Still, the main purpose of low toxin plants in my eyes was for variety and to help someone transition to a “varsity” carnivore diet, where they would eat organs and meat for their protein and nutrients, and would eat animal fat for their caloric needs. 

I myself ate this “varsity” carnivore diet for close to 2 years, and had great results for most of that time period. My eczema stayed dormant, I had great mental acuity, and I was very fit. Still, despite upping my salt intake, I began having issues related to electrolyte imbalances. Even in sunny San Diego, I had cold hands and feet. Then I started having heart palpitations. Sometimes they’d get so bad they’d wake me up at night, and I couldn’t help but admit “this is not optimal.” 

I decided to reintroduce some carbohydrate to my diet. I tested the lowest toxin carbohydrates like white rice, squash, some sweet fruit, and, you guessed it, honey. Interestingly enough, I was sensitive to some foods that I consider low in plant toxins. Many of my clients and readers do well with squash, but it made my stomach feel strange and my eczema reappeared. It was simple carbs like Honey that I thrived on. 

I felt great consuming 100g of honey a day, my cold extremities and palpitations went away, and a continuous blood glucose monitor revealed stable blood sugar all day long. After two years of strict carnivore, I was thriving on some simple carbohydrates, the same types of food demonized by much of the keto and carnivore community alike.
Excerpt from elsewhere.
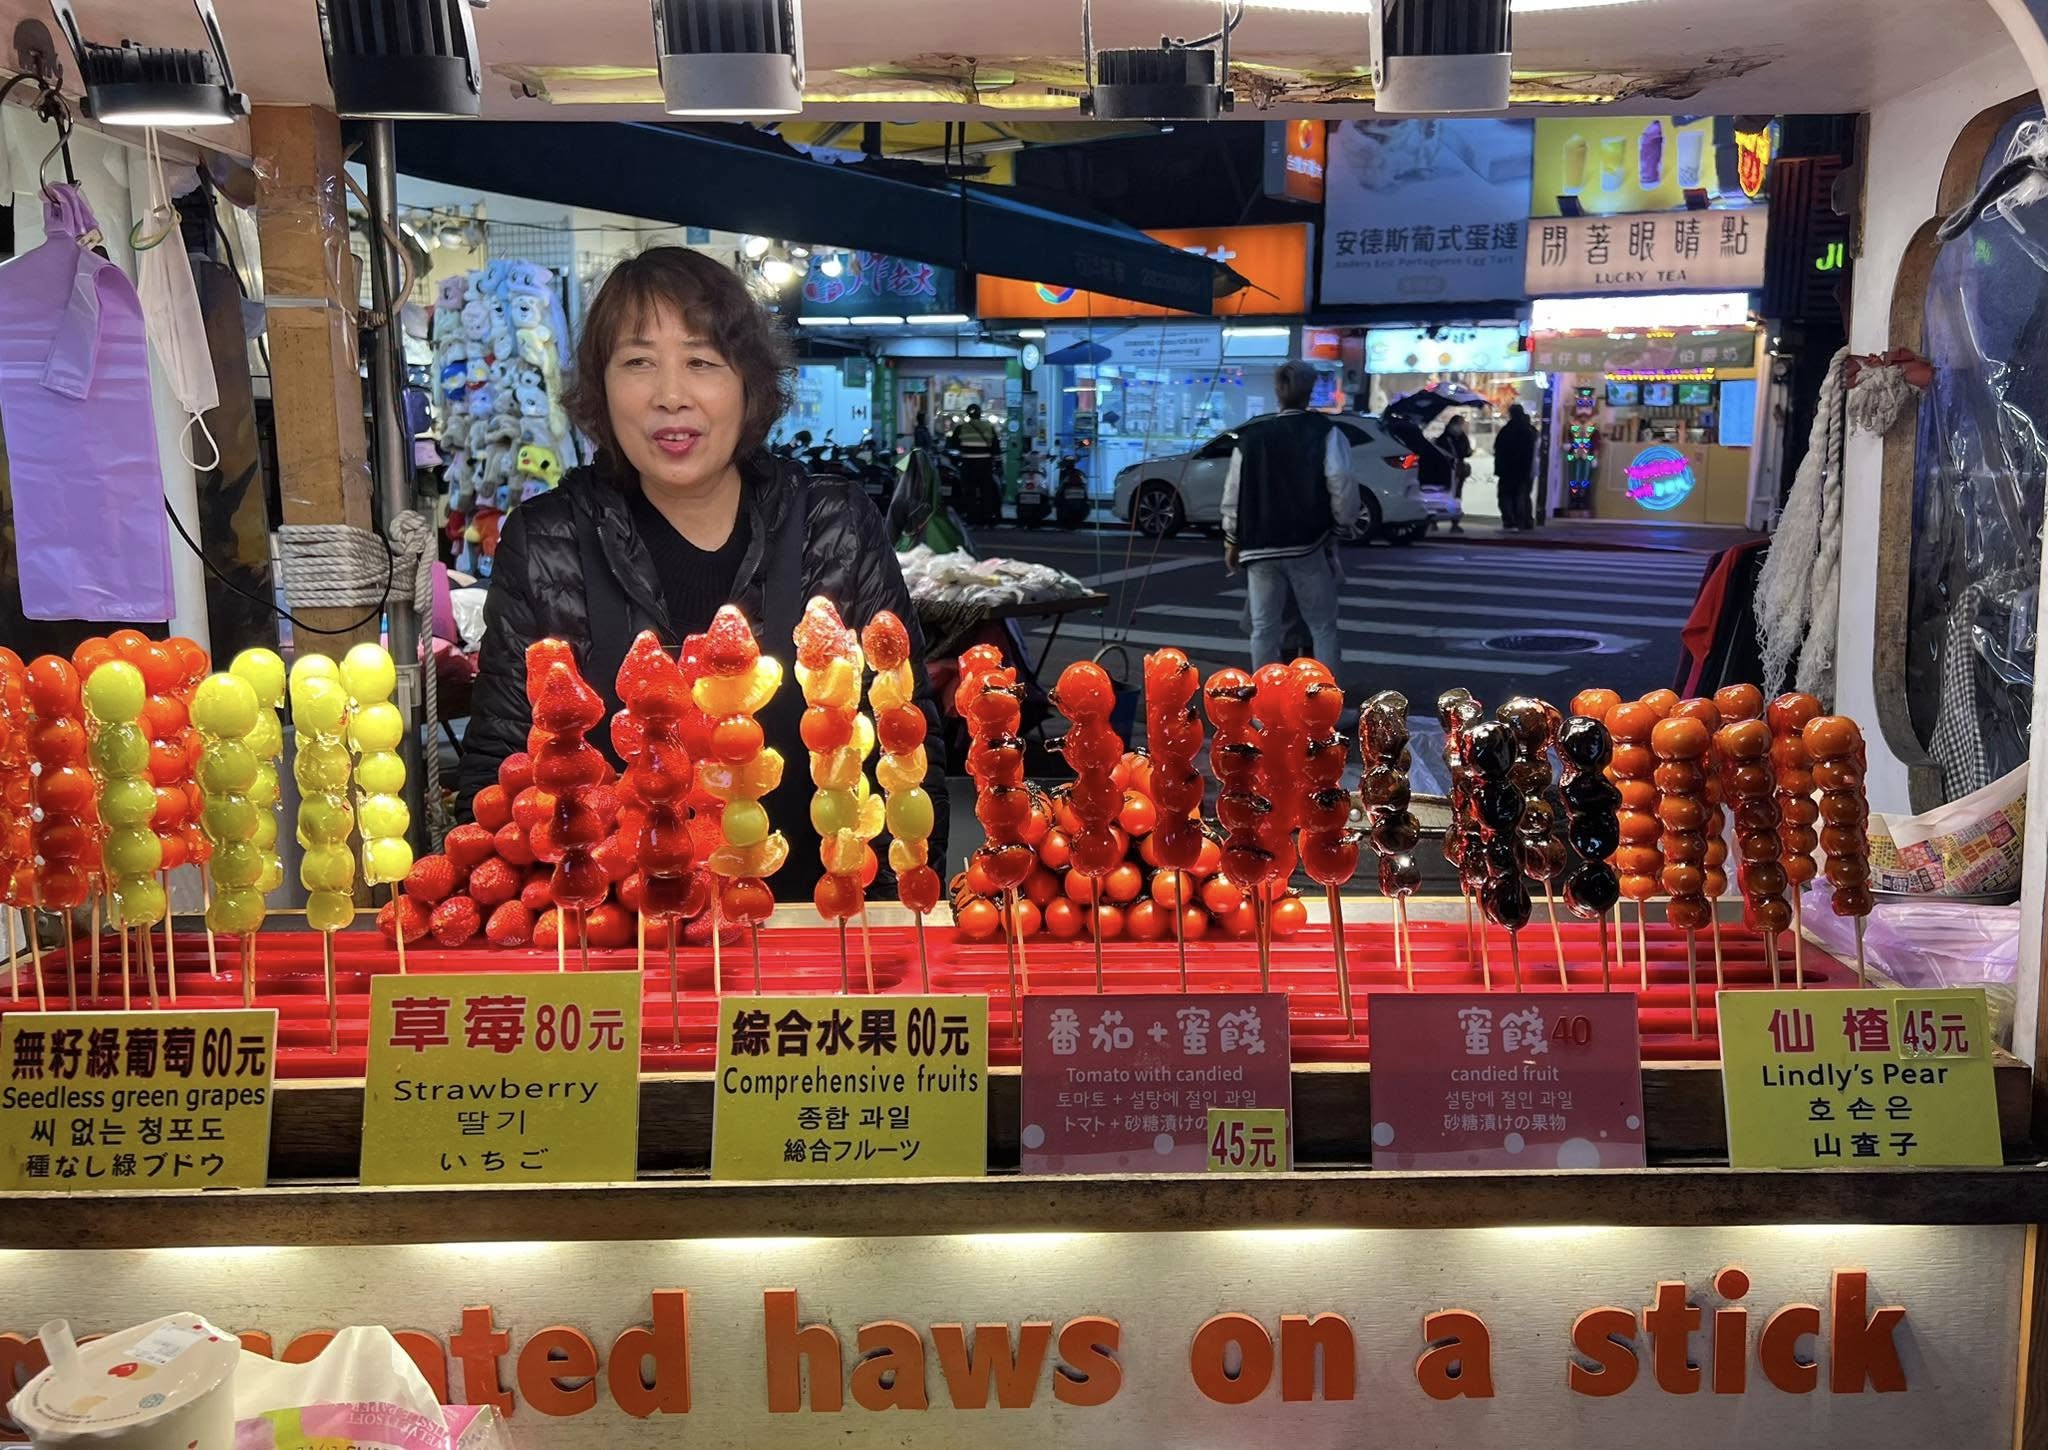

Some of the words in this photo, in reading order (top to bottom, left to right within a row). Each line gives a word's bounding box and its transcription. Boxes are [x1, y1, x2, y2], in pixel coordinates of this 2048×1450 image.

Honey Isn’t The Same As Sugar

One of the great fallacies I see over and over in nutrition is reductionist thinking when it comes to food. I’ve seen members of the keto community conflate real, complex whole foods like honey with processed sugar and coca cola, but studies on artificial foods don’t paint the same picture as whole foods found in nature. 

In this clinical trial, natural honey was shown to reduce plasma glucose levels, c-reactive protein, homocysteine, and blood lipids in healthy, diabetic, and hyperlipidemia subjects in direct comparison with dextrose and sucrose. Honey is about 50 percent glucose and 50 percent fructose. Sucrose, like honey, is also made up of fructose and glucose, and the sucrose blend used in this trial was similar to honey in it’s ratios. This sucrose acted as an “artificial” honey for comparison. 
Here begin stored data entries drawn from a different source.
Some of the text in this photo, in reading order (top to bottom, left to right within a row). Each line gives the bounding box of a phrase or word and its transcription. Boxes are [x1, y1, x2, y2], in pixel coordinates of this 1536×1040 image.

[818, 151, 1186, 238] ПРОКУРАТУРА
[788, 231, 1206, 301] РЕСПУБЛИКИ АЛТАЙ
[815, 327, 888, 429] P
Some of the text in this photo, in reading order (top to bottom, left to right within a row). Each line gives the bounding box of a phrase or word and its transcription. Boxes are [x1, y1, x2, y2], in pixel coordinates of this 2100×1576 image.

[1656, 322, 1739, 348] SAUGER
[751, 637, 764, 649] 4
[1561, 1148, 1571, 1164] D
In this trial, patients with hyperlipidemia (increased triglycerides,) the natural honey lowered their tryglicerides while the “artificial” honey increased tryglicerides. Natural honey also lowered LDL-C while the artificial honey increased it. In diabetic patients, honey caused a lower rise of plasma glucose than dextrose, which isn’t exactly a one to one comparison as dextrose us a glucose and processed differently by the body than sucrose, but it’s still something of note. Honey also reduced blood lipids, homocysteine and C-reactive proteins in normal and diabetic patients. 

In short, honey had positive effects on normal and diabetic patients compared to sugar and fructose, and much milder negative effects in diabetic patients, despite the fact honey is largely made up of fructose and glucose. 
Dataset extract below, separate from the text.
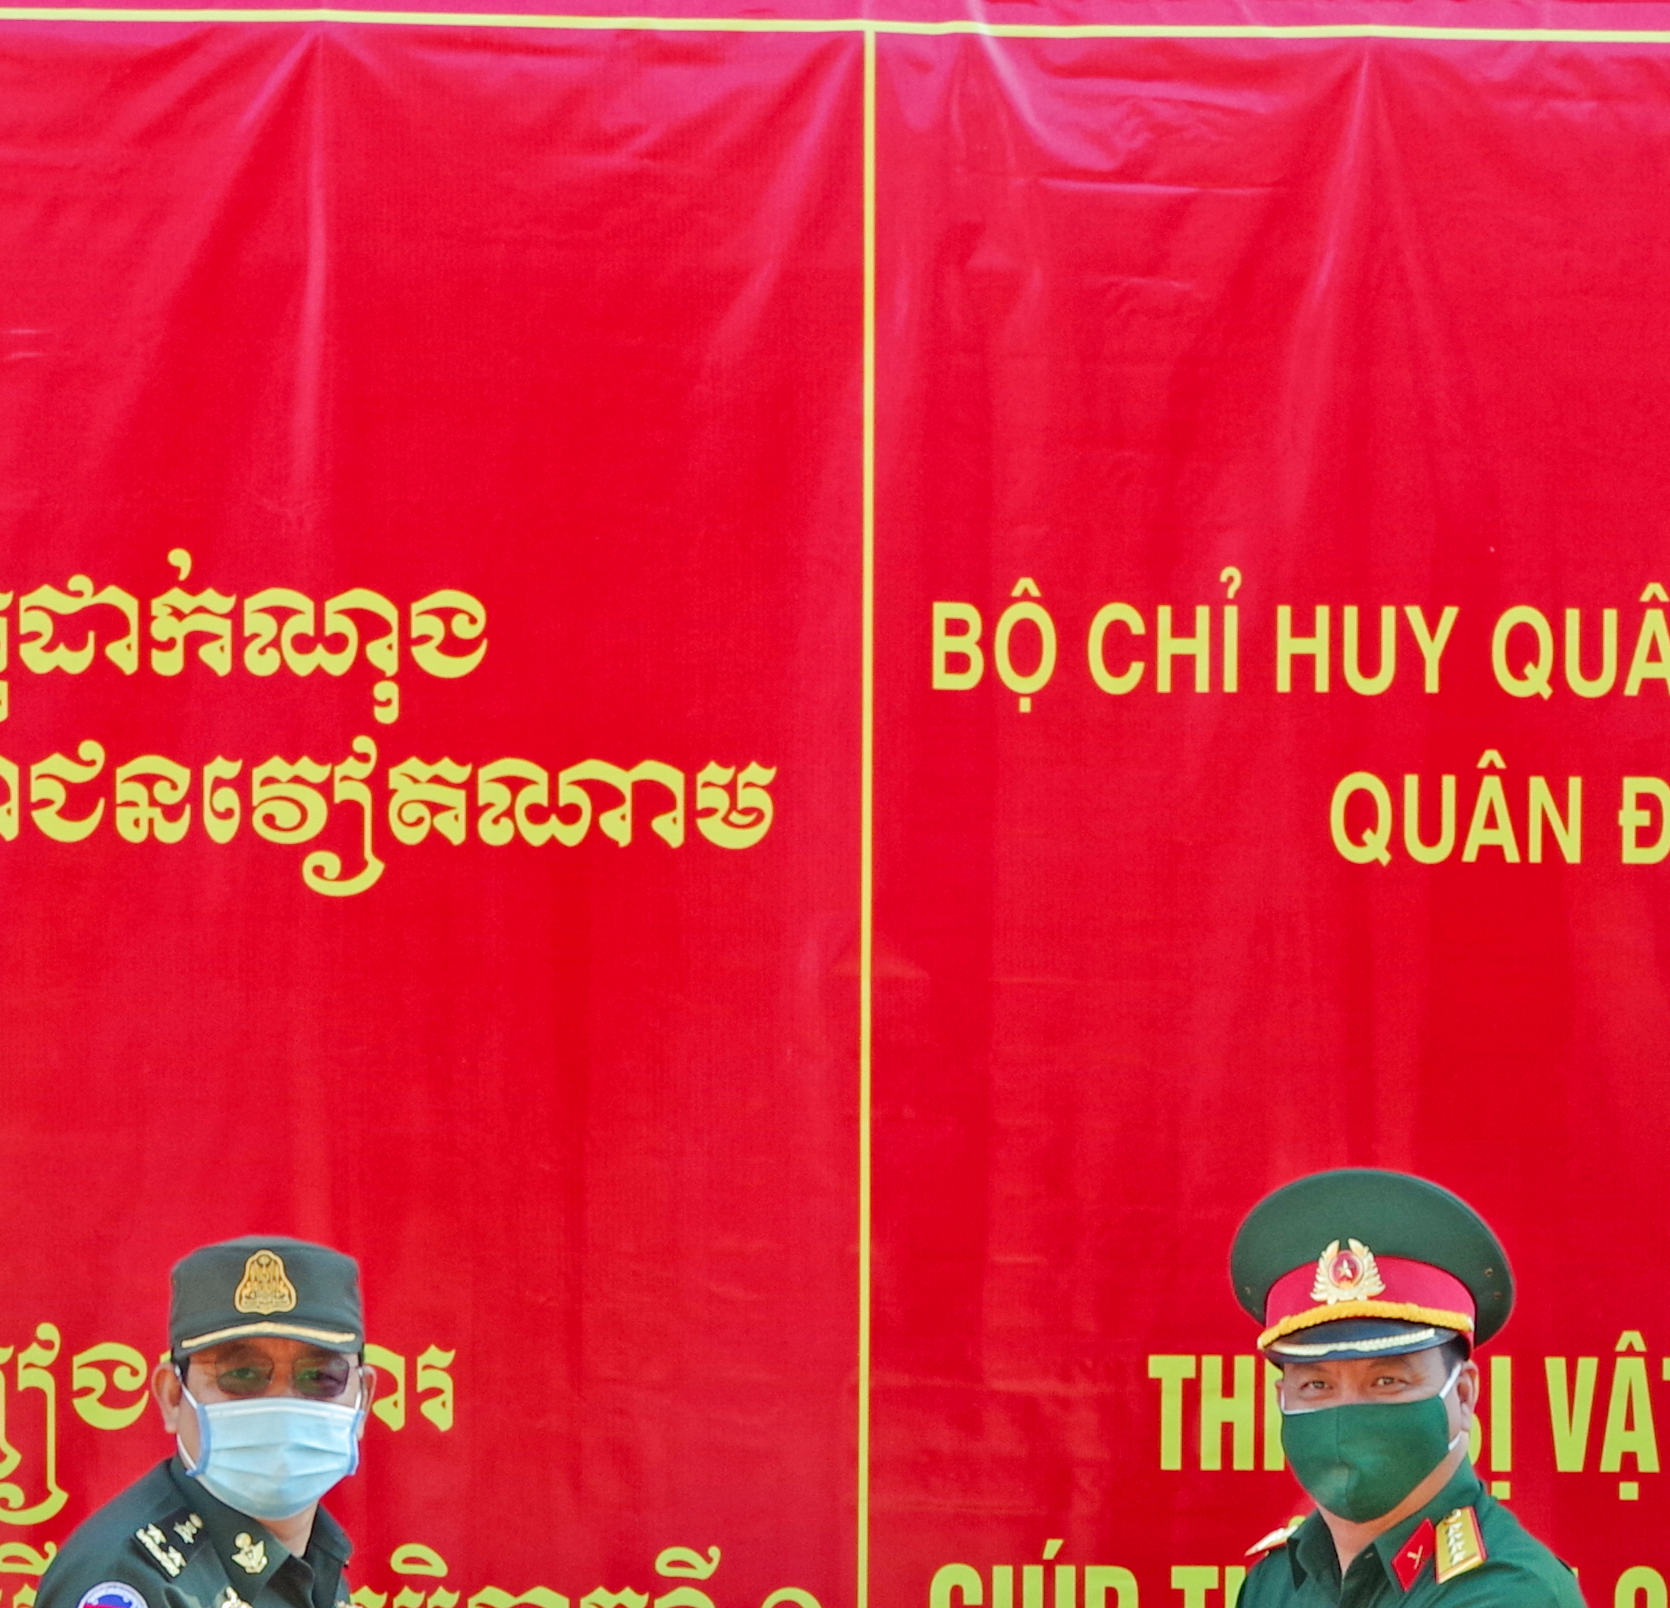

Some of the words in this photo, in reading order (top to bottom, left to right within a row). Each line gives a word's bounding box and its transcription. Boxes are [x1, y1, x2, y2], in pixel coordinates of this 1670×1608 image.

[931, 577, 1057, 712] BỘ
[1087, 566, 1242, 696] CHỈ
[1276, 604, 1459, 696] HUY
[1329, 749, 1583, 867] QUÂN
This is why I bristle when members of the ketogenic community try to conflate raw organic honey with fructose, sucrose or glucose. I’ve heard direct comparisons between honey and coca cola many times and it’s not the same. Honey is a raw, complex food found in nature and it is not the same as coca cola in either animal models or human models. 

Honey is high in nitric oxide metabolites, especially when it is raw and unfiltered. Nitric oxide metabolites deficiency may play a role in histamine responses and allergies, inflammation, and influence metabolic function. Honey’s nitric oxide metabolite content may be one of the reasons it behaves differently than pure sucrose when consumed, but this is overlooked when we assume foods found in nature are the same as eating pure sugar. . 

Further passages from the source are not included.